Howard fait également le portrait de la domesticité anglaise, miséreuse, soumise aux traditions et aux préjugés bourgeois, vénérant la monarchie. Le conservatisme ambiant frise le ridicule et déclenche de fâcheux effets sur l’avenir des filles, qui abandonnent leurs études, leurs ambitions de carrière, comme Louise (fille d’Edward et de Villy), qui se voulait actrice. Le théâtre dans lequel elle s’engage s’apparente à une farce domestique, un pacte définitif dans lequel elle troque sa passion artistique contre une place d’épouse devant « plaire à tout le monde ». La nuit de noces se révèle frustrante, et l’on découvre le calvaire enduré par les jeunes femmes, étouffées, écrasées par des rôles prédéterminés, l’obligation du « devoir conjugal », en vue de mettre au monde de nombreux descendants. Que de pragmatisme et d’ennui alors que Louise s’attendait à « l’éternelle félicité promise », que d’écœurement ! (les nausées d’une grossesse non voulue, suivies de la peur de l’accouchement). Les aspirations et la vitalité de la jeune fille laissent place à l’espèce de mécanique implacable de la gentry, qui regrette sa maison d’enfance de Home Place, transformée en nurserie. Nous sommes bien loin des pâmoisons à travers lesquelles les femmes sont censées succomber sous les assauts d’amants idéaux : la réalité est plus crue, les compromis alternent avec les sacrifices.
La grande romancière, par l’intermédiaire de Clary espère l’établissement de l’« État-providence » (à l’instar d’Oscar Wilde), « que tout soit plus juste et plus facile pour tout le monde, avec des écoles gratuites, des médecins et des hôpitaux gratuits (…) parce que la charité ne suffit pas ». Par contre, les plus jeunes, Neville et Lydia, s’amusent des « indolentes et dérisoires activités des adultes ». Zoë, la seconde épouse du père de Cary, Rupert, porté disparu, étouffe sous la férule familiale et constate que son existence s’amenuise. L’imitation de la parentèle est la règle à suivre, l’hérédité est le modèle dominant. Le terme du titre, confusion, prend tout son sens avec l’éprouvante maternité subie de Louise, le lien physiologique sans affection envers son nourrisson, un quotidien incertain ponctué de massacres, de disparitions, de blessures graves, de « familles brisées », de « couples séparés ».

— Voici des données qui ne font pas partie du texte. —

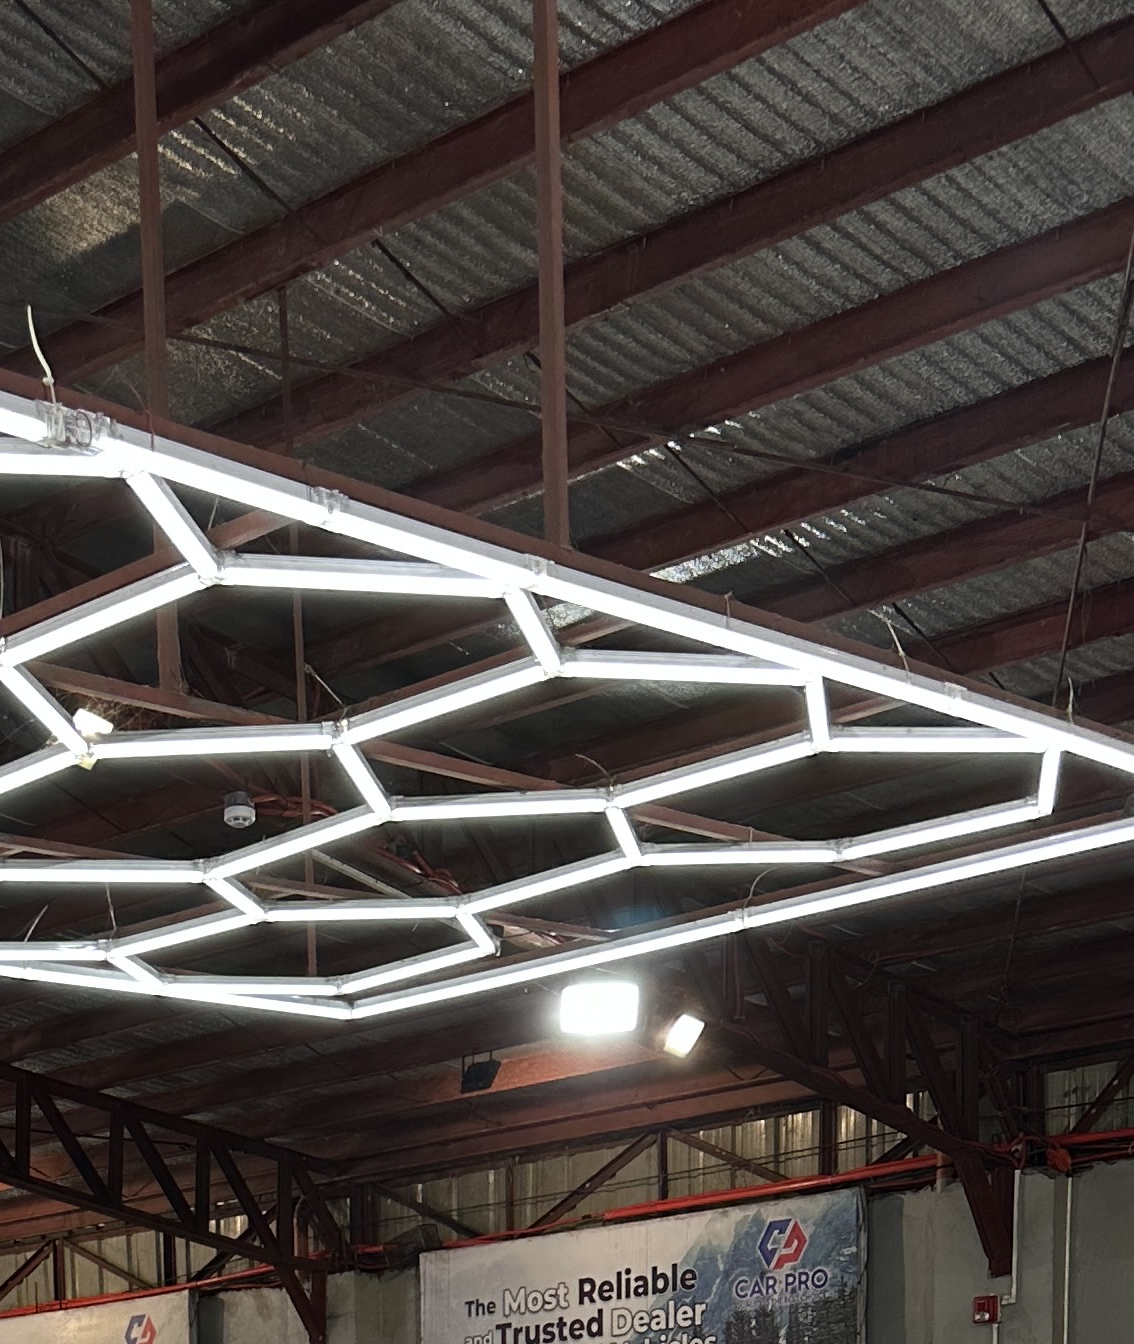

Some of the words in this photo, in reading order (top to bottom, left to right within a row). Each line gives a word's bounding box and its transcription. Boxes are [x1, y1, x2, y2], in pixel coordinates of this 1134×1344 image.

[465, 1299, 496, 1318] The
[502, 1283, 569, 1317] Most
[578, 1263, 697, 1305] Reliable
[734, 1275, 777, 1298] CAR
[785, 1268, 828, 1293] PRO
[610, 1302, 706, 1337] Dealer

Les regards des protagonistes offrent des points de vue croisés, des perspectives subjectives qui communiquent aux lecteurs des aspects inédits de l’intrigue et des caractères. E. J. Howard braque une lumière Flood sur ses interlocuteurs, sur leurs malheurs pluriels, psychiatrisation, alcoolisme, déréliction, illusions perdues, fantasmes irréalisables. Notons la présence de l’homosexualité, ainsi que celle d’un juif américain confronté à une scène insoutenable de la Shoah. Ce roman, une synthèse addictive d’images, de sons, mouvants, se construit par séquences en champ-contrechamp. La comédie familiale obéit à des sentiments universaux, et une fois de plus, c’est la vie qui est la plus forte, par exemple lors du jour de « la célébration de la Victoire » : « Des fusées déversaient des pluies d’étoiles dorées dans le ciel mauve et le palais était illuminé ; autour de la statue de la reine Victoria, formant un énorme serpent, les gens dansaient le hockey-cokey, chantant et tapant des pieds, et derrière, près des grilles, ils réclamaient le roi à cor et à cri. (…) Une fois que la famille royale était apparue sur le balcon et avait salué la foule (…) Clary voulait attendre qu’ils ressortent (…) alors que la nuit était tombée depuis longtemps, ils étaient ressortis : rien que le roi et la reine cette fois : pas de princesses. “Ils ont dû les envoyer se coucher, les pauvres”, commenta Clary ».